WHAT TO PRODUCE: In the copy, include exactly the lines from the one with "this 1280×1445 image." through the end of the data and no others, both ends kept, with every picture left out.

=== Begin Enclosure ===

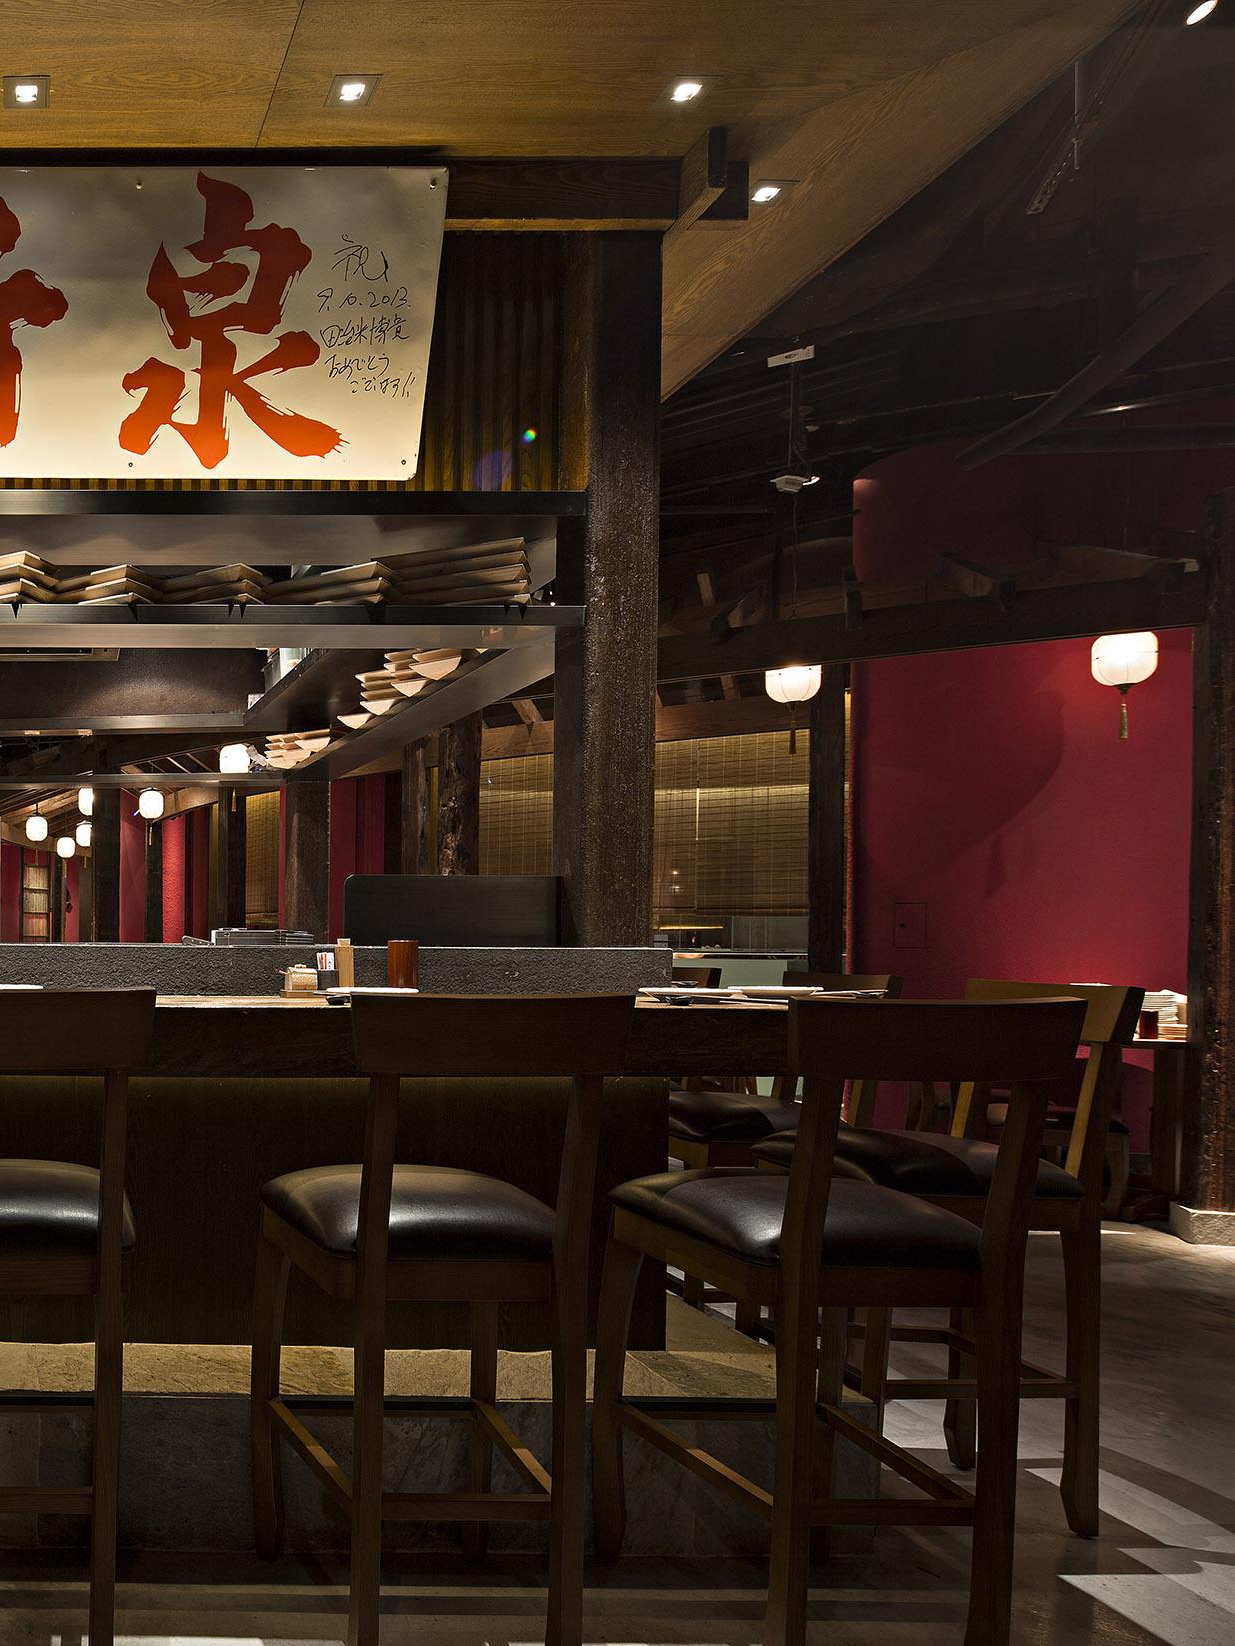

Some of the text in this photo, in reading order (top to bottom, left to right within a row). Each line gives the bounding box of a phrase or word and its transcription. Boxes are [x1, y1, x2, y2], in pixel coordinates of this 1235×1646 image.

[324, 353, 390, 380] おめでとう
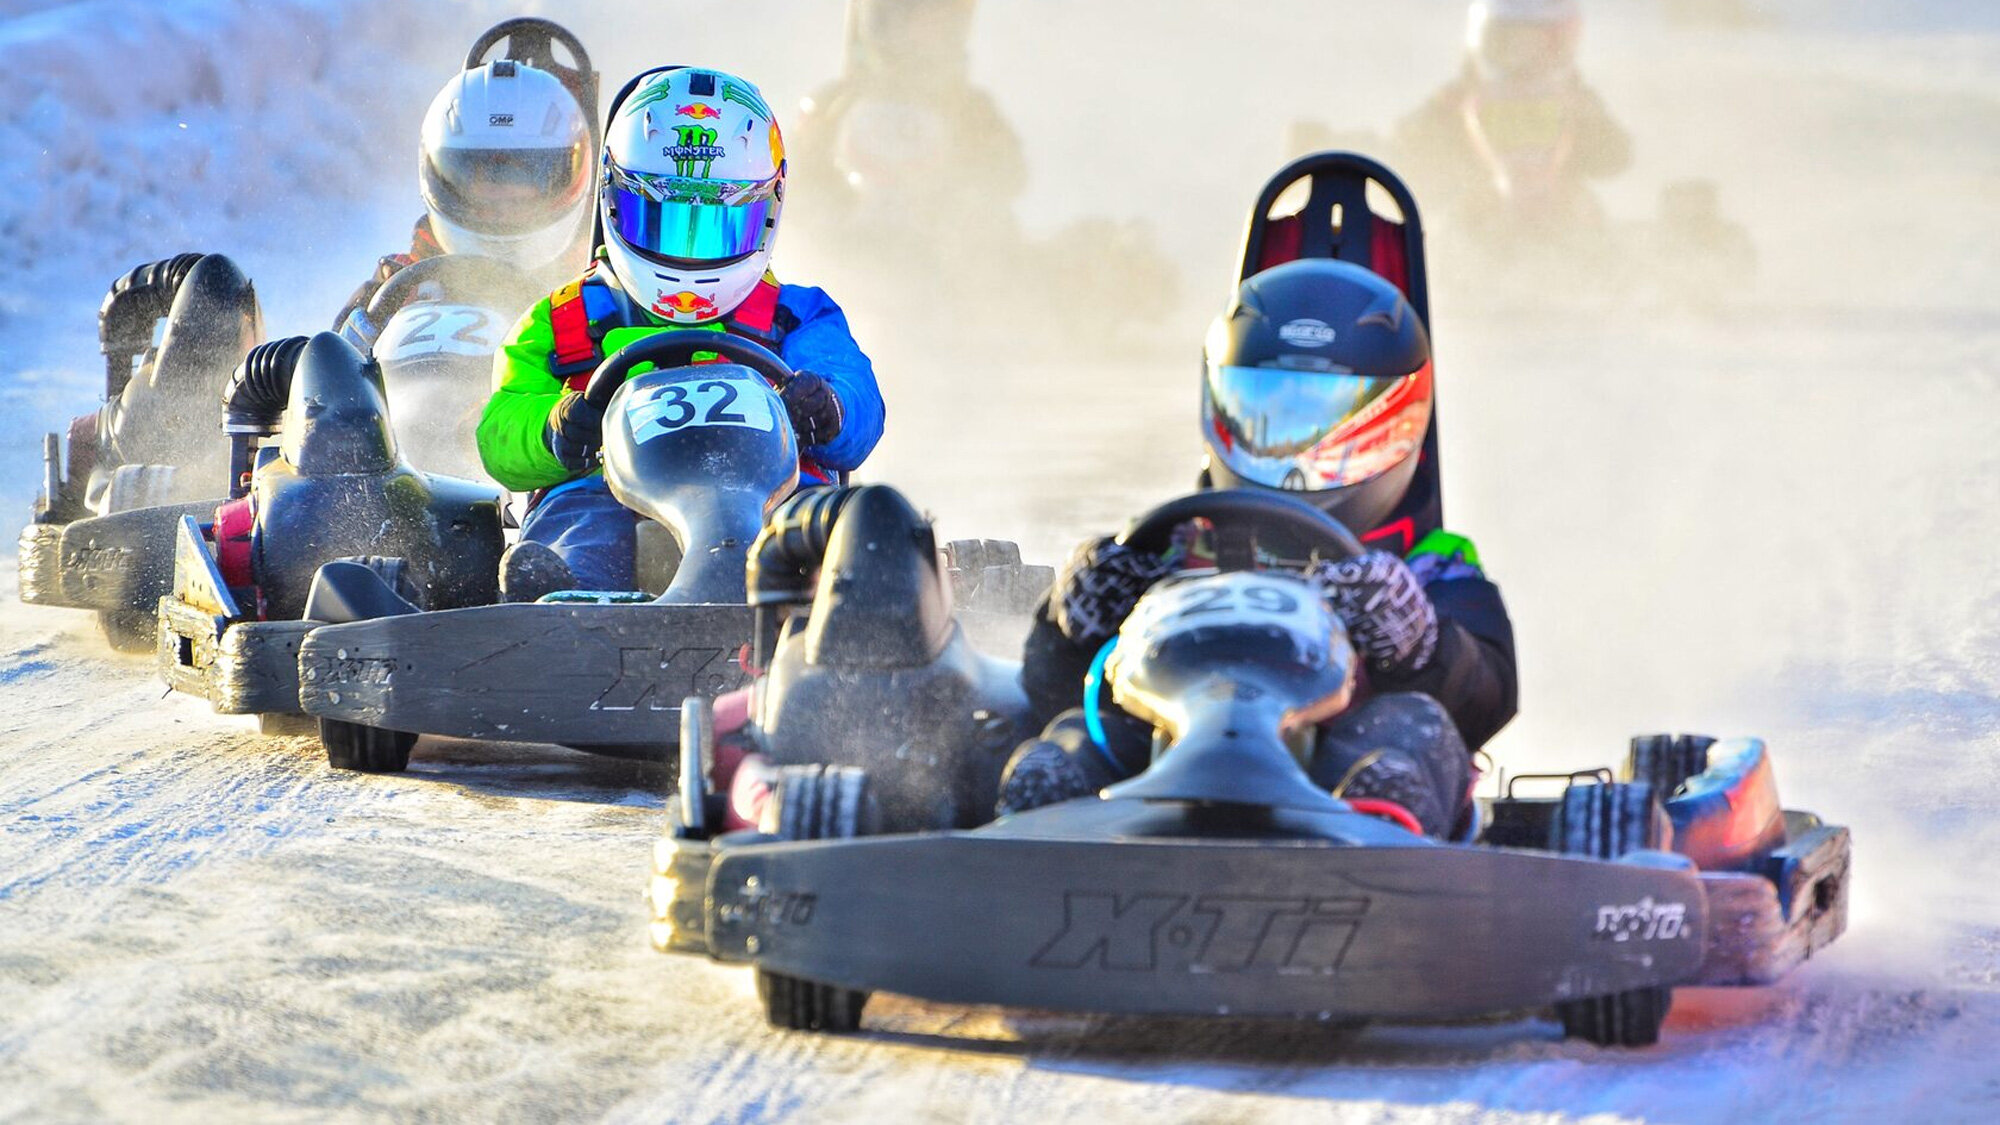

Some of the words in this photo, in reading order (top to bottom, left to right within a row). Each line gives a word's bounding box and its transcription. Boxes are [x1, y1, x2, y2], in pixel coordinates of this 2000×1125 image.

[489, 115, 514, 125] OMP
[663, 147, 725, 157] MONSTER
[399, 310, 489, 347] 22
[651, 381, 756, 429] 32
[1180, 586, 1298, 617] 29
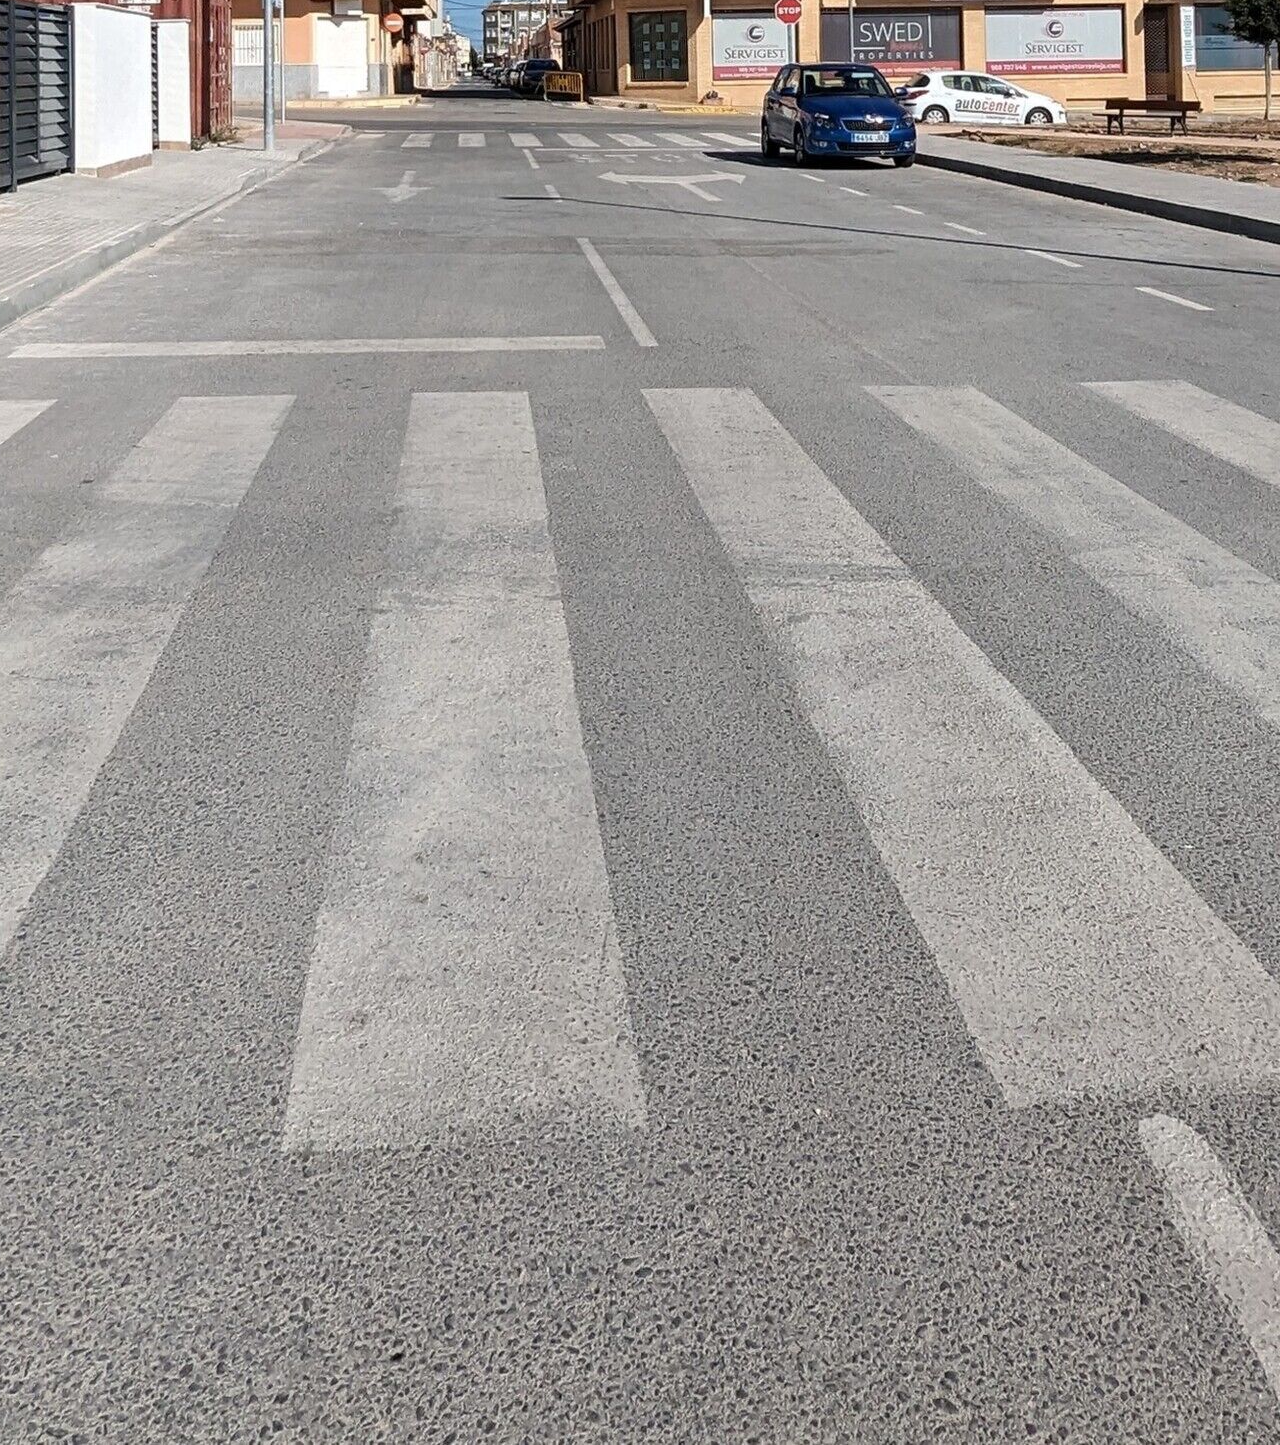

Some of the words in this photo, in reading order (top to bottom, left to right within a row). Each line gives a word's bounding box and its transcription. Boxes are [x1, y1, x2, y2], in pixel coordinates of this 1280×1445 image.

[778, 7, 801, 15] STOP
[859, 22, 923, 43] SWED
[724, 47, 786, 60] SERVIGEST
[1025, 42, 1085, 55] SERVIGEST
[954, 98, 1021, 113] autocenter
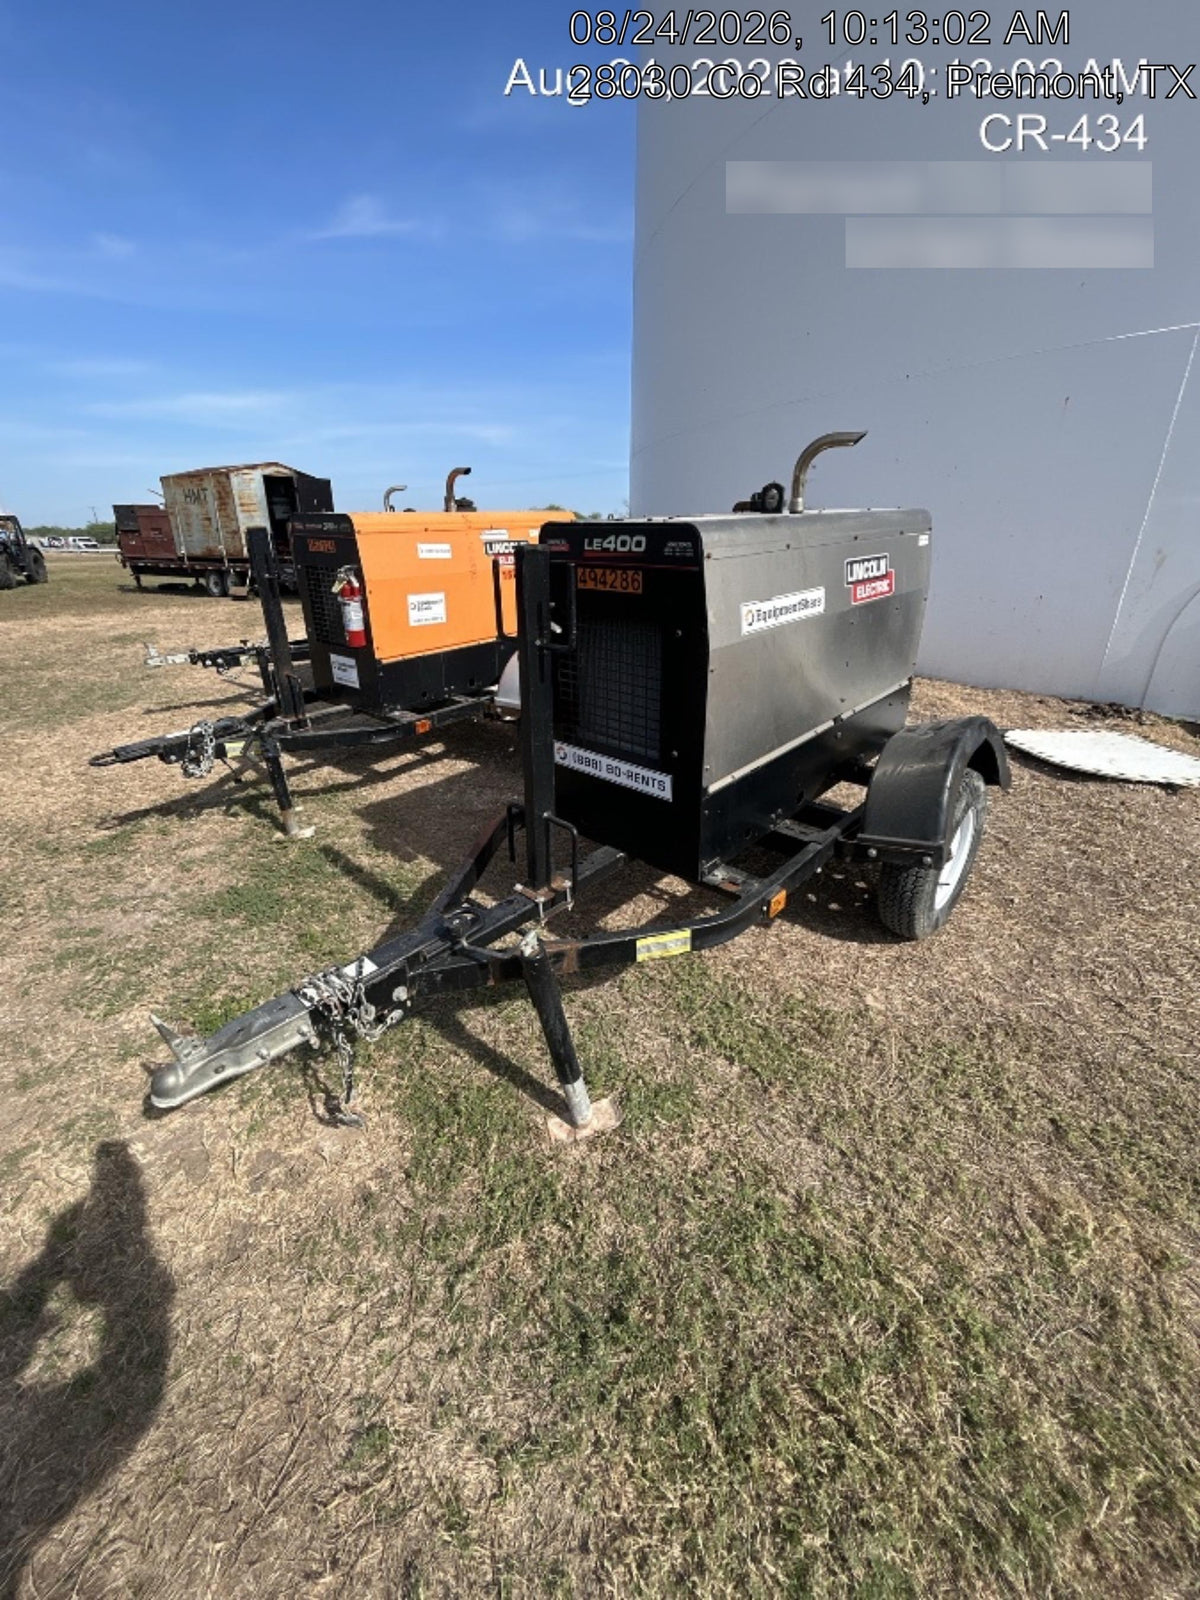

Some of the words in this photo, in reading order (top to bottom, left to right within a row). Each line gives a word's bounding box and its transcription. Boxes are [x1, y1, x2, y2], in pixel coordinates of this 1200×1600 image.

=== End Enclosure ===

ANSWER AREA:
Some of the words in this photo, in reading order (top to bottom, left to right within a row). Each line gives a word's bounding box and its transcription. Boxes are [x1, y1, x2, y2], in pixel coordinates of this 1280×1445 image.

[778, 7, 801, 15] STOP
[859, 22, 923, 43] SWED
[724, 47, 786, 60] SERVIGEST
[1025, 42, 1085, 55] SERVIGEST
[954, 98, 1021, 113] autocenter

Some of the words in this photo, in reading order (top to bottom, left to right within a row). Each line gives a word's bounding box and its transcription. Boxes are [x1, y1, x2, y2], in pixel coordinates of this 1200×1600 image.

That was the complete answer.